Referring to the need for every bishops’ conference in the world to adopt guidelines on handling abuse before the summer, Cardinal Levada said that while the conference did not override the authority of each individual diocesan bishop, ”no bishop or major superior may consider himself exempt from such collaboration”.

This can be interpreted as a reference to Bishop John Magee of Cloyne who, despite signing up to the Church’s robust guidelines of handling abuse allegations, went on to ignore the guidelines for another 12 years.

Dr Levada also praised the current Pope for his role in dealing with abuse both as Prefect of the Congregation for the Doctrine of the Faith and since being elected Pope in 2005. He said that instead of ”attacks by the media”, Benedict deserves ”the gratitude of us all, in the Church and outside it”.

Praising countries like Ireland where robust procedures have been agreed and implemented, the cardinal also said it had to be acknowledged that ”in many cases, such response came only in the wake of the revelation of scandalous behaviour by priests in the public media,” he said.

”What seems useful going forward is a more proactive approach by conferences of bishops throughout the world.’

Accountability is only way to restore trust – Marie Collins

Prominent abuse campaigner Marie Collins has insisted that victims of abuse can only begin to find healing when there is a full acknowledgement of the hierarchy’s failure to tackle abuse and not just an apology for the abuse itself.

Mrs Collins, who was abused as a child by Fr Paul McGennis, said her experience of not being listened to by the Church when she came forward to report her abuse created a loss of faith, not in God, but in the leadership of the Church.

She told hundreds of bishops and religious superiors from all over the world that ”the final death of any respect that might have survived in me towards my religious leaders came after my abuser’s conviction,” she said.

”I learned that the diocese had discovered, just months after my abuse, that this priest was abusing children in the hospital but did nothing about it except move him to a new parish,” she said.

”How do I regain my respect for the leadership of my Church?

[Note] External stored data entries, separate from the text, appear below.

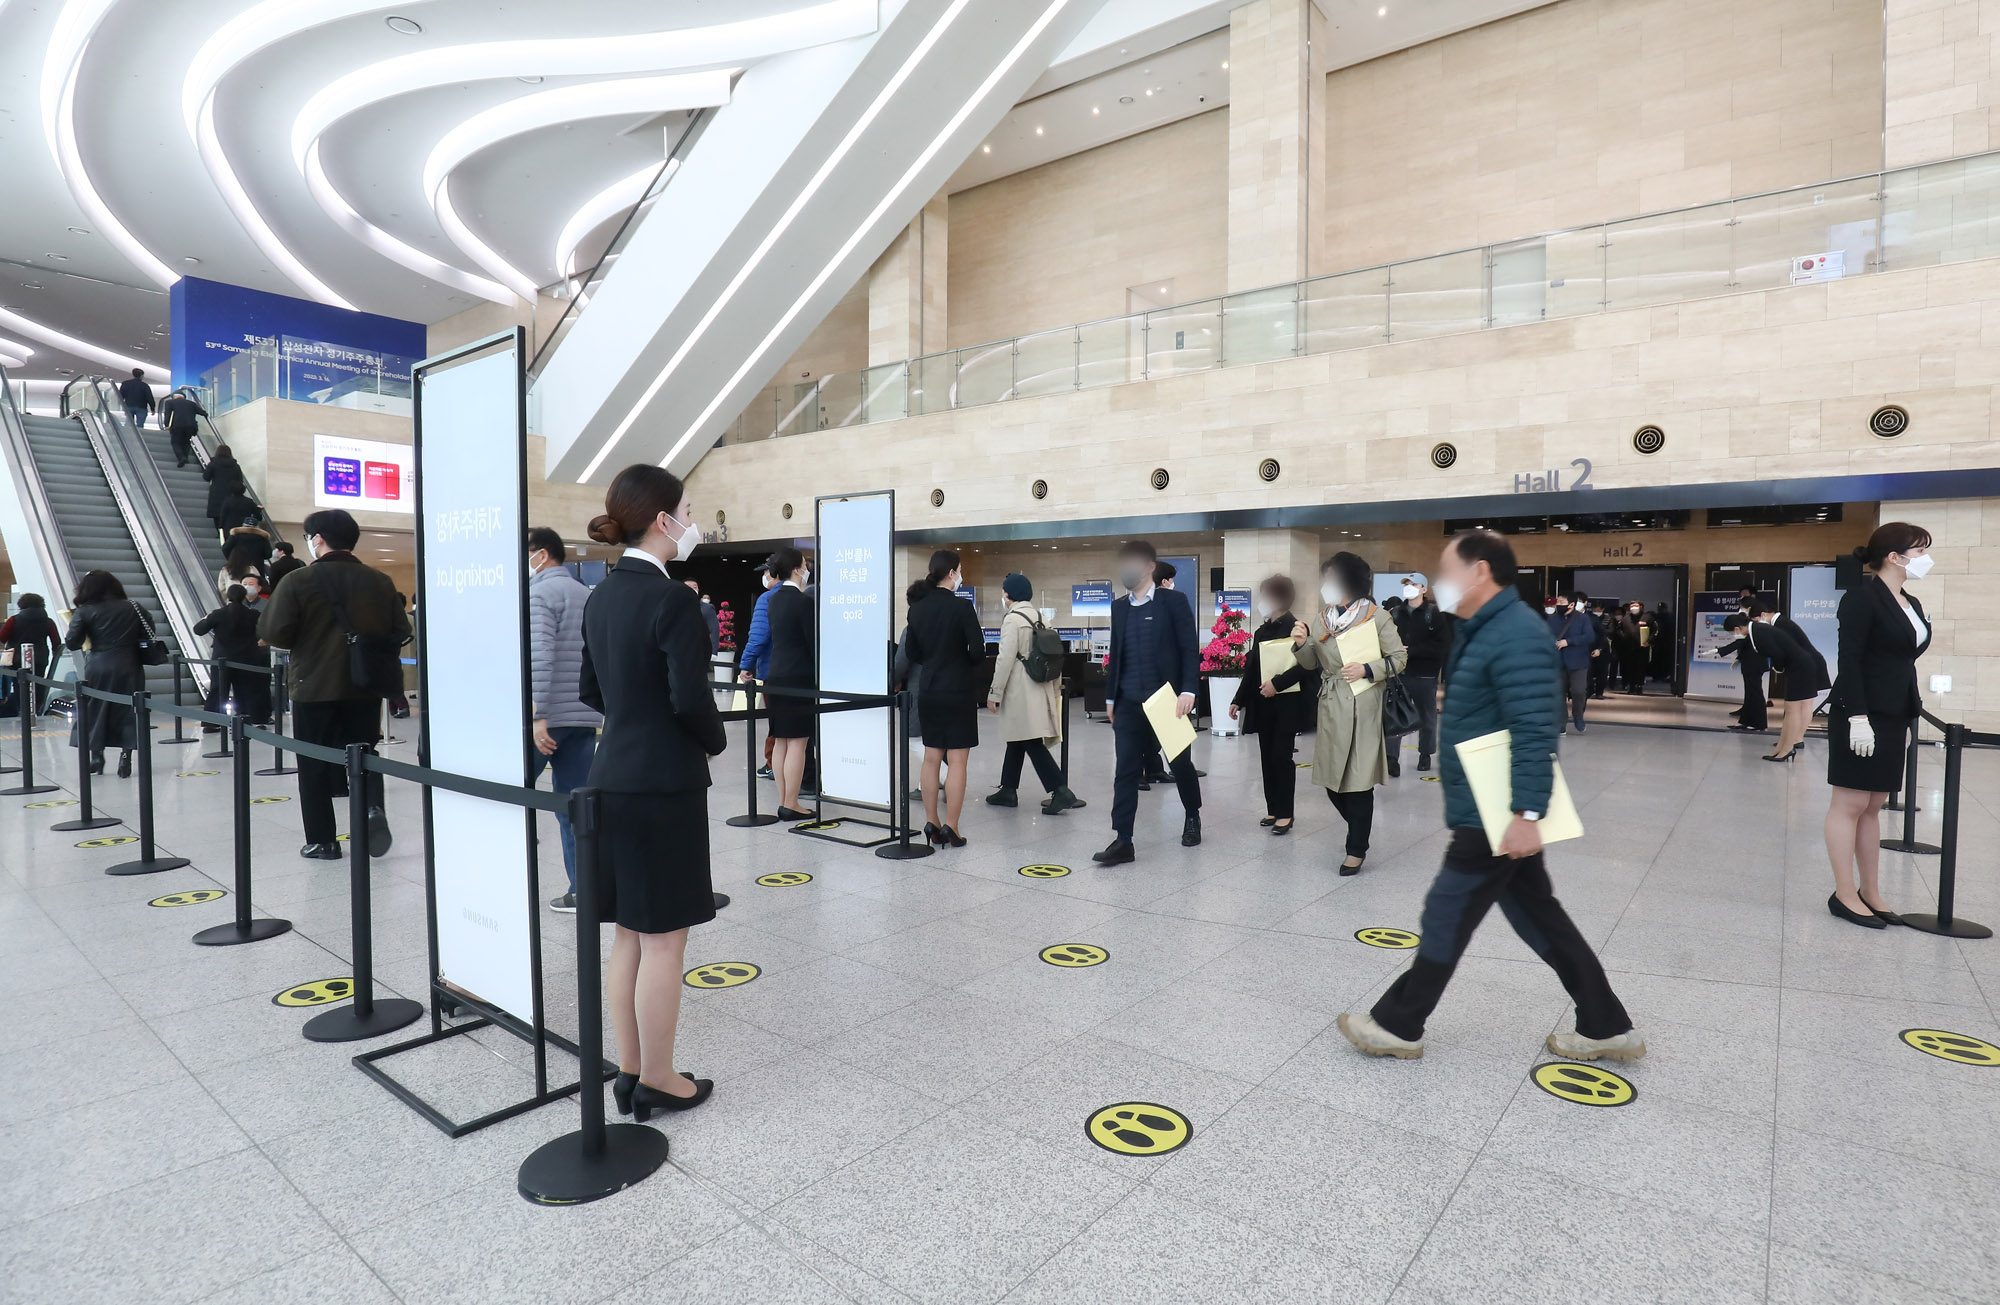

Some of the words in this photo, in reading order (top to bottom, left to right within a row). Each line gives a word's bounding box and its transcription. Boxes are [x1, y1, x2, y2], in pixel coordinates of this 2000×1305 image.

[205, 341, 222, 349] 53rd
[222, 344, 259, 357] Samsung
[305, 358, 331, 367] Annual
[331, 363, 361, 374] Meeting
[370, 368, 412, 380] Shareholder
[282, 341, 323, 357] 삼성전자
[326, 348, 384, 367] 정기주주총회
[1514, 470, 1560, 493] Hall
[1570, 458, 1593, 491] 2
[703, 531, 718, 544] Hall
[720, 524, 728, 543] 3
[1603, 547, 1629, 558] Hall
[1632, 543, 1643, 557] 2
[1075, 590, 1081, 600] 7
[1218, 595, 1224, 604] 8

Apologising for the actions of the abusive priests is not enough.

”There must be acknowledgement and accountability for the harm and destruction that has been done to the life of victims and their families by the often deliberate cover-up and mishandling of cases by their superiors before I or other victims can find real peace and healing,” she said. She told delegates about her experience of reporting the abuse to then Archbishop of Dublin, Cardinal Desmond Connell.

”The archbishop considered my abuse ‘historical’ so felt it would be unfair to tarnish the priest’s ‘good name’ now,” she said.

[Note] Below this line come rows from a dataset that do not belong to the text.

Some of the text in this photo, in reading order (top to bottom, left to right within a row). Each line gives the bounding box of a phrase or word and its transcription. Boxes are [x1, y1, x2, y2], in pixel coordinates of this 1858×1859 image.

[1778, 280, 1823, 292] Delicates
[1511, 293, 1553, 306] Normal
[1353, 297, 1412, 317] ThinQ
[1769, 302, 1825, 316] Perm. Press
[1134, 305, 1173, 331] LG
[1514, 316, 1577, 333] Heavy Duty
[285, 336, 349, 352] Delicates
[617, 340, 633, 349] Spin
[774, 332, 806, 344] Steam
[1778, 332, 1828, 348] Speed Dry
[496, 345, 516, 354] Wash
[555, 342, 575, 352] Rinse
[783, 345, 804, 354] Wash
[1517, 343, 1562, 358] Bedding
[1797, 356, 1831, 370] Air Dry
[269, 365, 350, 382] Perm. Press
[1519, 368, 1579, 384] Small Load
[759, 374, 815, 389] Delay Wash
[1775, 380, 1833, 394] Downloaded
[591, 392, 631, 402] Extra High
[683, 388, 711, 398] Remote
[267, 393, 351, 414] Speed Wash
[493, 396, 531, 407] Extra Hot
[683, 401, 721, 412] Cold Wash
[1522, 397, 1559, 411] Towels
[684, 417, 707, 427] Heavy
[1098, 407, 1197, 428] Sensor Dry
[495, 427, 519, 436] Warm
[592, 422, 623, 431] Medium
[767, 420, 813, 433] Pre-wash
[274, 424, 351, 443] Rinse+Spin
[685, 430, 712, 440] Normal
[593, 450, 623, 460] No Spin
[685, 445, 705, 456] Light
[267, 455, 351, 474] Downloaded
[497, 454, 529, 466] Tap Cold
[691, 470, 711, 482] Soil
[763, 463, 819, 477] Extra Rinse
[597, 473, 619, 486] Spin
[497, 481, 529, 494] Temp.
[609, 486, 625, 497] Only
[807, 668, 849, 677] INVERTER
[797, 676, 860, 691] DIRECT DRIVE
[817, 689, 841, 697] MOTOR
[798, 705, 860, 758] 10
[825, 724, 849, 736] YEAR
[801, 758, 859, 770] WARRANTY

”I have heard this argument from others in leadership in the Catholic Church and always there is blindness to the current risk to children from these men,” Mrs Collins said.

”The priest who had sexually assaulted me was protected by his superiors from prosecution,” she said.

”He was left for months in his parish ministry which included mentoring children preparing for confirmation — the safety of those children ignored by his superiors.”

She said that only when there was a culture of accountability for the mishandling and cover-up could trust be restored.’